**Exercise instructions:** With no additions or omissions, print the listing that follows.

**Listed entries:**

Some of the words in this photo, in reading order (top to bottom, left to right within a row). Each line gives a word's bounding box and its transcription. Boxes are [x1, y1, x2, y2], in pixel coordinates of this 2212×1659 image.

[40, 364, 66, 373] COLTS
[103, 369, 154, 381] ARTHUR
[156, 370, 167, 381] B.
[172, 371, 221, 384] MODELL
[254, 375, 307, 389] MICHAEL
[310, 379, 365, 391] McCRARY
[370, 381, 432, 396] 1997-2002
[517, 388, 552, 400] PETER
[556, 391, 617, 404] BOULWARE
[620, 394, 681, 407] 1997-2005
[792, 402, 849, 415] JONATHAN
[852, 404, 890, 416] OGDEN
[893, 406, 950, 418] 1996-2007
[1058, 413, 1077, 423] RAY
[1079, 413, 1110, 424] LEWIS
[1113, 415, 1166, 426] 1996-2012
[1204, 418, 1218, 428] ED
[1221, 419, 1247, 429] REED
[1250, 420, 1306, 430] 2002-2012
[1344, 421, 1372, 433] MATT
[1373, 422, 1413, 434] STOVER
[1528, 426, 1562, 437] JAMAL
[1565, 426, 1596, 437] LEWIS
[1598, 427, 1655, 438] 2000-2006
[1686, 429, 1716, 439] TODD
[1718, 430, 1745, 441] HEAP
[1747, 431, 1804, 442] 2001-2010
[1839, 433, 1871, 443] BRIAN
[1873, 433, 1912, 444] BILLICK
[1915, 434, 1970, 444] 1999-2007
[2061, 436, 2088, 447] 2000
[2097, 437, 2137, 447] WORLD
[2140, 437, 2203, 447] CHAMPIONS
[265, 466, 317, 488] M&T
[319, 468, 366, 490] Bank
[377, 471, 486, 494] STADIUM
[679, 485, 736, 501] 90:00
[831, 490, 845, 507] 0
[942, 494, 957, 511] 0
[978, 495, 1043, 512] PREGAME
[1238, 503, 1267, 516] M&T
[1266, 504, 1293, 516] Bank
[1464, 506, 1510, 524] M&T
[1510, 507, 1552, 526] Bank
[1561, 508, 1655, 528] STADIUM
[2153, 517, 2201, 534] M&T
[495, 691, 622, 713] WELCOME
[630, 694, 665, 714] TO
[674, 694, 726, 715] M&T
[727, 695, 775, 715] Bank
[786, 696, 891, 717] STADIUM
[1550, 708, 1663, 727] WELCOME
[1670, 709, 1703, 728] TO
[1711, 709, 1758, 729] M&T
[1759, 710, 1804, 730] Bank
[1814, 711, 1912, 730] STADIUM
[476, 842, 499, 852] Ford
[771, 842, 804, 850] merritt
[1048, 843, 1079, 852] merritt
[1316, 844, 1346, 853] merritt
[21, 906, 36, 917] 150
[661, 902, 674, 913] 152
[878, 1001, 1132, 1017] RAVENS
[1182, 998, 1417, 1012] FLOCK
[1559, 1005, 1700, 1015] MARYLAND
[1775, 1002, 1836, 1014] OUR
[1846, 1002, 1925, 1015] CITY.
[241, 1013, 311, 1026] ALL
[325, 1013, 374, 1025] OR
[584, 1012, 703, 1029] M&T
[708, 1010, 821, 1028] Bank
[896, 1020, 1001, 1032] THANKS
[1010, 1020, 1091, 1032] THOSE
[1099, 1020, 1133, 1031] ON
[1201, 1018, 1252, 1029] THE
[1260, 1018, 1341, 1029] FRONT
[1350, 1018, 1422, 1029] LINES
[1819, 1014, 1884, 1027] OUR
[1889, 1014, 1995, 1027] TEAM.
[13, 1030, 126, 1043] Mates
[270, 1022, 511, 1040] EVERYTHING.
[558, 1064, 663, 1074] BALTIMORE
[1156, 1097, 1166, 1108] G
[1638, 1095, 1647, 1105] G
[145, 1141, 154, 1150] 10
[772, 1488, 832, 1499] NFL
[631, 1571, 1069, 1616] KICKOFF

**Reply to the task:**
Some of the words in this photo, in reading order (top to bottom, left to right within a row). Each line gives a word's bounding box and its transcription. Boxes are [x1, y1, x2, y2], in pixel coordinates of this 2212×1659 image.

[40, 364, 66, 373] COLTS
[103, 369, 154, 381] ARTHUR
[156, 370, 167, 381] B.
[172, 371, 221, 384] MODELL
[254, 375, 307, 389] MICHAEL
[310, 379, 365, 391] McCRARY
[370, 381, 432, 396] 1997-2002
[517, 388, 552, 400] PETER
[556, 391, 617, 404] BOULWARE
[620, 394, 681, 407] 1997-2005
[792, 402, 849, 415] JONATHAN
[852, 404, 890, 416] OGDEN
[893, 406, 950, 418] 1996-2007
[1058, 413, 1077, 423] RAY
[1079, 413, 1110, 424] LEWIS
[1113, 415, 1166, 426] 1996-2012
[1204, 418, 1218, 428] ED
[1221, 419, 1247, 429] REED
[1250, 420, 1306, 430] 2002-2012
[1344, 421, 1372, 433] MATT
[1373, 422, 1413, 434] STOVER
[1528, 426, 1562, 437] JAMAL
[1565, 426, 1596, 437] LEWIS
[1598, 427, 1655, 438] 2000-2006
[1686, 429, 1716, 439] TODD
[1718, 430, 1745, 441] HEAP
[1747, 431, 1804, 442] 2001-2010
[1839, 433, 1871, 443] BRIAN
[1873, 433, 1912, 444] BILLICK
[1915, 434, 1970, 444] 1999-2007
[2061, 436, 2088, 447] 2000
[2097, 437, 2137, 447] WORLD
[2140, 437, 2203, 447] CHAMPIONS
[265, 466, 317, 488] M&T
[319, 468, 366, 490] Bank
[377, 471, 486, 494] STADIUM
[679, 485, 736, 501] 90:00
[831, 490, 845, 507] 0
[942, 494, 957, 511] 0
[978, 495, 1043, 512] PREGAME
[1238, 503, 1267, 516] M&T
[1266, 504, 1293, 516] Bank
[1464, 506, 1510, 524] M&T
[1510, 507, 1552, 526] Bank
[1561, 508, 1655, 528] STADIUM
[2153, 517, 2201, 534] M&T
[495, 691, 622, 713] WELCOME
[630, 694, 665, 714] TO
[674, 694, 726, 715] M&T
[727, 695, 775, 715] Bank
[786, 696, 891, 717] STADIUM
[1550, 708, 1663, 727] WELCOME
[1670, 709, 1703, 728] TO
[1711, 709, 1758, 729] M&T
[1759, 710, 1804, 730] Bank
[1814, 711, 1912, 730] STADIUM
[476, 842, 499, 852] Ford
[771, 842, 804, 850] merritt
[1048, 843, 1079, 852] merritt
[1316, 844, 1346, 853] merritt
[21, 906, 36, 917] 150
[661, 902, 674, 913] 152
[878, 1001, 1132, 1017] RAVENS
[1182, 998, 1417, 1012] FLOCK
[1559, 1005, 1700, 1015] MARYLAND
[1775, 1002, 1836, 1014] OUR
[1846, 1002, 1925, 1015] CITY.
[241, 1013, 311, 1026] ALL
[325, 1013, 374, 1025] OR
[584, 1012, 703, 1029] M&T
[708, 1010, 821, 1028] Bank
[896, 1020, 1001, 1032] THANKS
[1010, 1020, 1091, 1032] THOSE
[1099, 1020, 1133, 1031] ON
[1201, 1018, 1252, 1029] THE
[1260, 1018, 1341, 1029] FRONT
[1350, 1018, 1422, 1029] LINES
[1819, 1014, 1884, 1027] OUR
[1889, 1014, 1995, 1027] TEAM.
[13, 1030, 126, 1043] Mates
[270, 1022, 511, 1040] EVERYTHING.
[558, 1064, 663, 1074] BALTIMORE
[1156, 1097, 1166, 1108] G
[1638, 1095, 1647, 1105] G
[145, 1141, 154, 1150] 10
[772, 1488, 832, 1499] NFL
[631, 1571, 1069, 1616] KICKOFF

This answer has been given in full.